2010 Seventh International Conference on Fuzzy Systems and Knowledge Discovery (FSKD 2010)

A Genetic Fuzzy Expert System for Stock Price Forecasting

Esmaeil Hadavandi, Hassan Shavandi

Department of Industrial Engineering

Department of Industrial Engineering

University of Tehran

Tehran, Iran P.O. Box: 11155-4563

arashghanbari@yahoo.com (arghanbari@ut.ac.ir)

Abstract-Forecasting stock price time series is very

important and challenging in the real world because they are

affected by many highly interrelated economic, social,

political and even psychological factors, and these factors

interact with each other in a very complicated manner. This

article presents an approach based on Genetic Fuzzy

Systems (GFS) for constructing a stock price forecasting

expert system. We use a GFS model with the ability of rule

base extraction and data base tuning for next day stock price

prediction to extract useful patterns of information with a

descriptive rule induction approach. We evaluate capability

of the proposed approach by applying it on stock price

forecasting case study of International Business Machines

Corporation (IBM), and compare the outcomes with

previous stock price forecasting methods using mean

absolute percentage error (MAPE). Results show that the

proposed approach is able to cope with the fluctuation of

stock price values and it also yields good prediction accuracy

in short term stock price forecasting.

Keywords- Stock Price Forecasting; Genetic Fuzzy

systems; Expert systems

I. INTRODUCTION AND LITERATURE REVIEW

A. Stock price forecasting

Forecasting stock price time series is very important

and challenging in the real world because they are

affected by many highly interrelated economic, social,

political and even psychological factors and these factors

interact with each other in a very complicated manner.

Stock market forecasters focus on developing

approaches to successfully forecast/predict index values

or stock prices, aiming at high profits using well defined

trading strategies. The central idea to successful stock

market prediction is achieving best results using minimum

required input data and the least complex stock market

model [1]. Considering this idea an obvious complexity of

the problem paves the way for the importance of

intelligent prediction paradigms [2].

Artificial Intelligence techniques such as artificial

neural networks (ANNs), fuzzy logic, and genetic

algorithms (GAs) are popular research subjects, since they

can deal with complex engineering problems which are

difficult to solve by classical methods [3]. Artificial

intelligence techniques can be combined together in

various ways to form hybrid models. Hybrid models have

more flexibility and can be used to estimate the non-linear

relationship, without the limits of traditional models such

as Time Series models. Therefore, more and more

researchers tend to use hybrid forecasting models to deal

with forecasting problems.

Chang et al. [4] used a Takagi–Sugeno–Kang (TSK)

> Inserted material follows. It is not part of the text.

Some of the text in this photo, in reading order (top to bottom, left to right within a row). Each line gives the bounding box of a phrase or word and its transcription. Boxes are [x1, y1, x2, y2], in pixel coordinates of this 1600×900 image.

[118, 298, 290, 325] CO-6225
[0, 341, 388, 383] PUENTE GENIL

type Fuzzy Rule Based System (FRBS) for stock price

prediction. They used simulated annealing (SA) for

training the best parameters of fuzzy systems. They found

that the forecasted results from TSK fuzzy rule based

model were much better than those of back propagation

network (BPN) or multiple regressions.

Atsalakis et al. [5] proposed a hybrid model that linked

two Adaptive Neuro-Fuzzy Inference System (ANFIS)

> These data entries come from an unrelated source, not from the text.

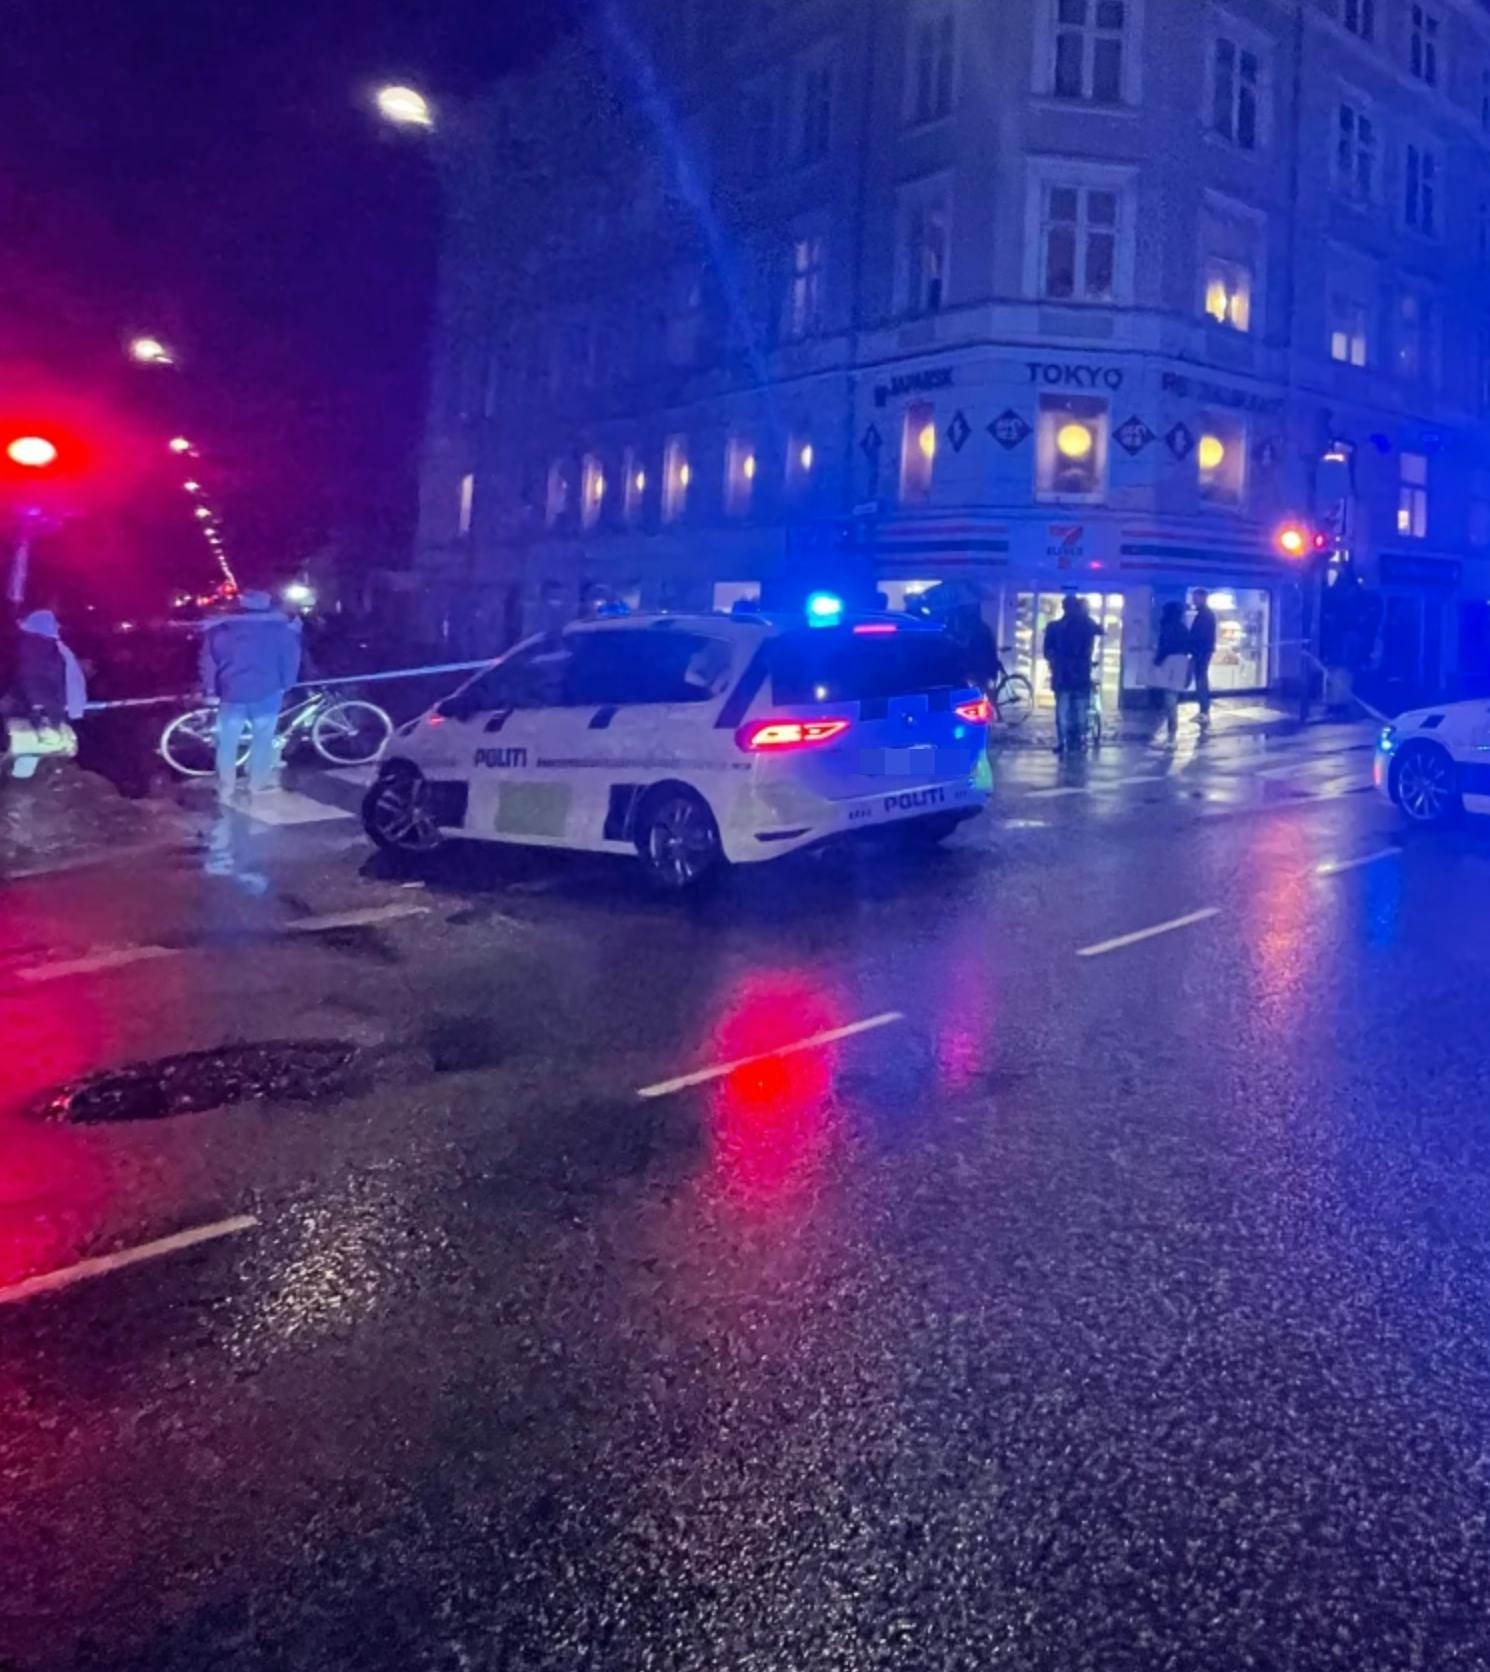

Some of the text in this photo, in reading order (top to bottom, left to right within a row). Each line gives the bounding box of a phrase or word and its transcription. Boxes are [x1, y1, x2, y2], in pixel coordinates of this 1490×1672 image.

[1025, 362, 1123, 391] TOKYO
[475, 748, 528, 769] POLITI
[884, 787, 945, 813] POLITI
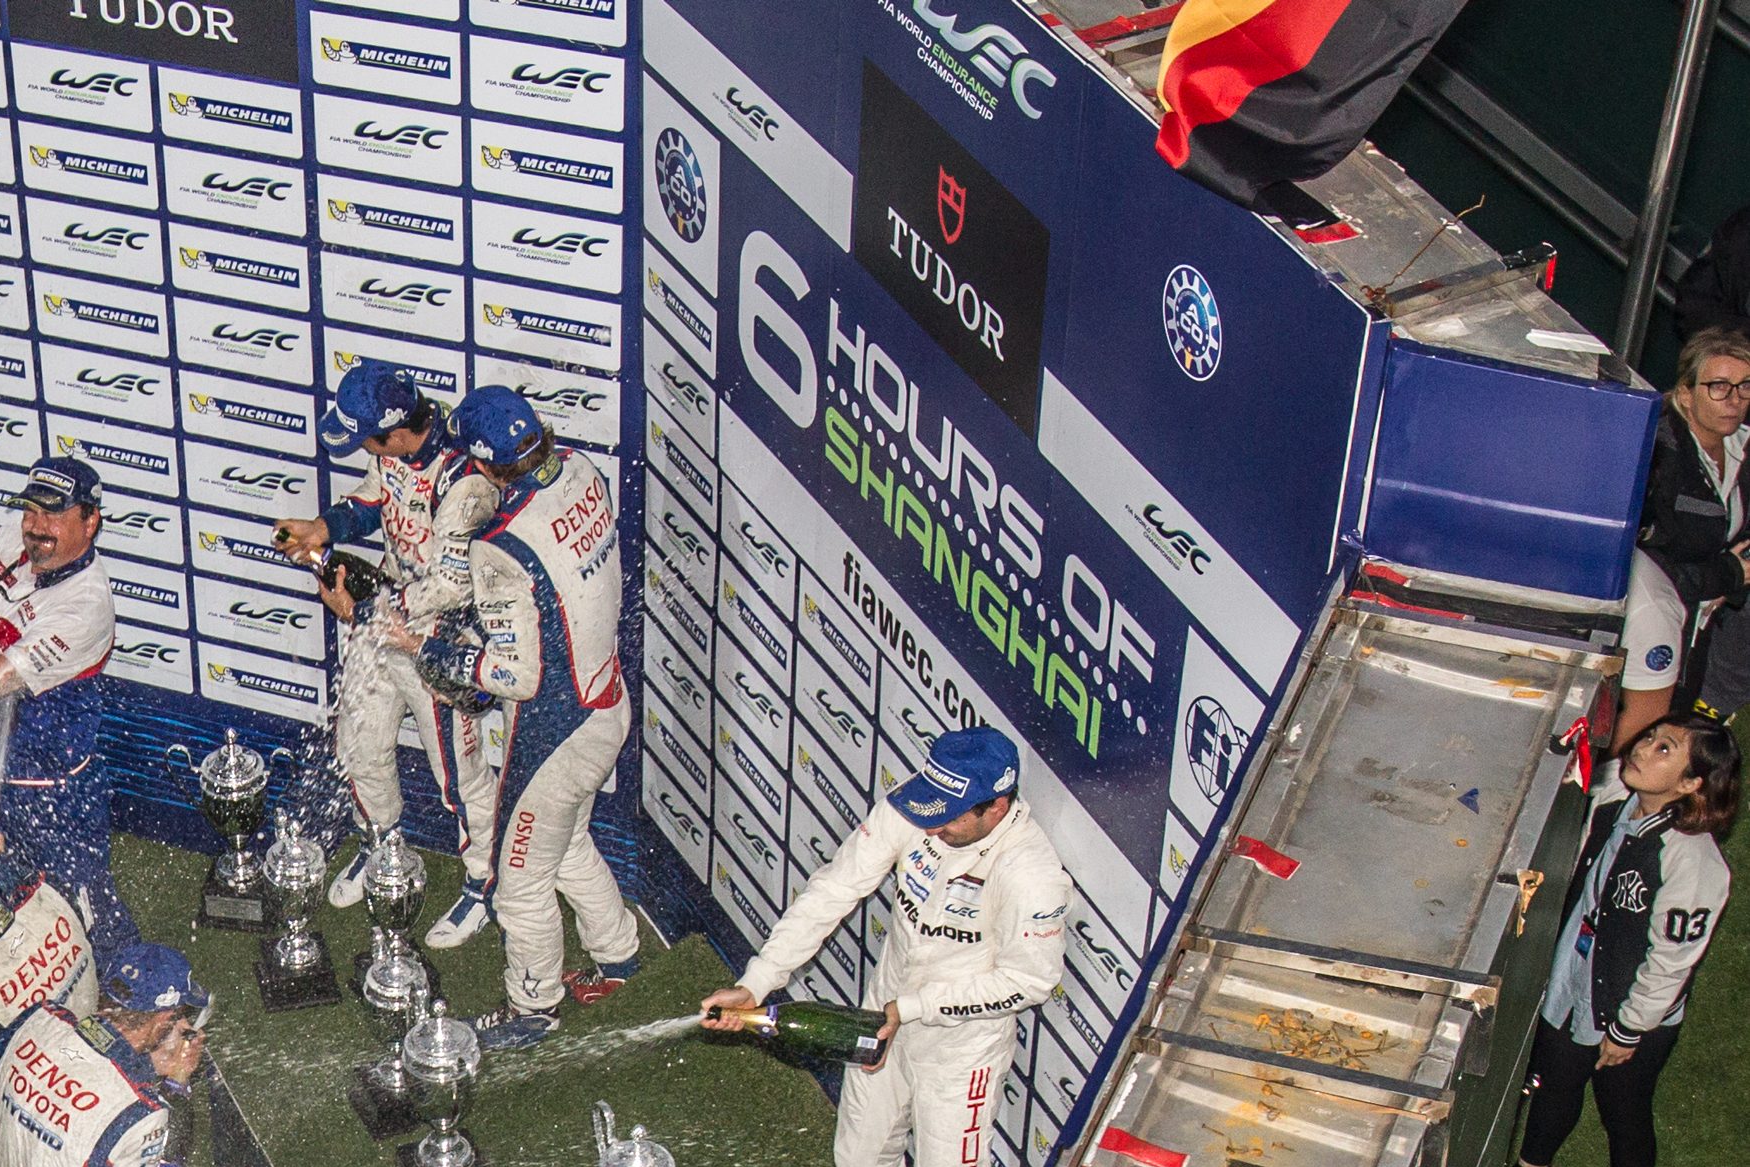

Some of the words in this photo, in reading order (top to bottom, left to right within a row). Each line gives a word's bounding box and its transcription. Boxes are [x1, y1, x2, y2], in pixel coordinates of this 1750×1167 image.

[360, 48, 448, 72] MICHELIN
[896, 9, 932, 48] WORLD
[932, 43, 999, 110] ENDURANCE
[913, 0, 1057, 120] WEC
[40, 85, 63, 94] WORLD
[50, 69, 138, 96] WEC
[498, 81, 524, 90] WORLD
[510, 63, 612, 92] WEC
[917, 47, 994, 121] CHAMPIONSHIP
[206, 103, 289, 126] MICHELIN
[726, 86, 779, 141] WEC
[342, 137, 367, 146] WORLD
[354, 120, 449, 149] WEC
[66, 156, 145, 179] MICHELIN
[520, 156, 610, 181] MICHELIN
[192, 188, 215, 197] WORLD
[202, 172, 292, 200] WEC
[64, 222, 149, 249] WEC
[365, 210, 451, 234] MICHELIN
[500, 244, 525, 252] WORLD
[511, 228, 610, 256] WEC
[215, 258, 296, 282] MICHELIN
[887, 206, 1005, 362] TUDOR
[348, 293, 372, 302] WORLD
[359, 278, 452, 306] WEC
[78, 305, 156, 328] MICHELIN
[521, 314, 609, 340] MICHELI
[666, 292, 710, 343] MICHELIN
[212, 323, 300, 350] WEC
[77, 368, 160, 395] WEC
[663, 361, 709, 415] WEC
[225, 404, 304, 428] MICHELIN
[91, 445, 166, 469] MICHELIN
[738, 230, 817, 428] 6
[827, 297, 1044, 579] HOURS
[1062, 553, 1155, 683] OF
[221, 466, 306, 493] WEC
[550, 476, 605, 544] DENSO
[1133, 513, 1151, 533] WORLD
[569, 506, 613, 560] TOYOTA
[1143, 503, 1211, 575] WEC
[740, 521, 789, 577] WEC
[825, 406, 1103, 760] SHANGHAI
[229, 602, 313, 628] WEC
[741, 606, 785, 662] MICHELIN
[822, 620, 870, 678] MICHELIN
[241, 674, 316, 699] MICHELIN
[661, 656, 705, 709] WEC
[735, 671, 783, 728] WEC
[815, 688, 867, 747] WEC
[665, 733, 705, 786] MICHELIN
[737, 752, 780, 807] MICHELIN
[926, 764, 965, 790] MICHELIN
[660, 792, 703, 846] WEC
[509, 811, 535, 868] DENSO
[732, 813, 778, 869] WEC
[945, 903, 980, 919] WEC
[920, 922, 982, 944] MORI
[1665, 908, 1710, 943] 03
[1074, 919, 1133, 990] WEC
[18, 944, 83, 1011] TOYOTA
[939, 1005, 983, 1016] DMG
[985, 992, 1025, 1012] MOR
[15, 1038, 100, 1111] DENSO
[8, 1065, 71, 1133] TOYOTA

controllers to forecast next day’s stock price trends of the

Athens and the New York Stock Exchange (NYSE). The

proposed system performed very well in trading

simulation and comparisons with 13 other similar soft

computing based approaches demonstrated solid and

superior performance in terms of percentage of prediction

accuracy of stock market trend. One of the most popular

approaches is the hybridization between fuzzy logic and

GAs leading to genetic fuzzy systems (GFSs) [6].A GFS

is basically a fuzzy system augmented by a learning

process based on evolutionary computation, which

includes genetic algorithms and other evolutionary

algorithms (EAs) [7].

In recent years some articles have been published in the

favor of using GFS in modeling and forecasting area

[8,9,10]. They have all obtained satisfactory results and

concluded that using GFSs is very promising for these

areas. but there is not any research in the literature that

uses a GFS with the ability of extracting whole

knowledge base of fuzzy system for stock price

forecasting problem (a complete literature review on

proposed techniques for stock market forecasting can be

found in [1]).

This paper presents a hybrid artificial intelligence (AI)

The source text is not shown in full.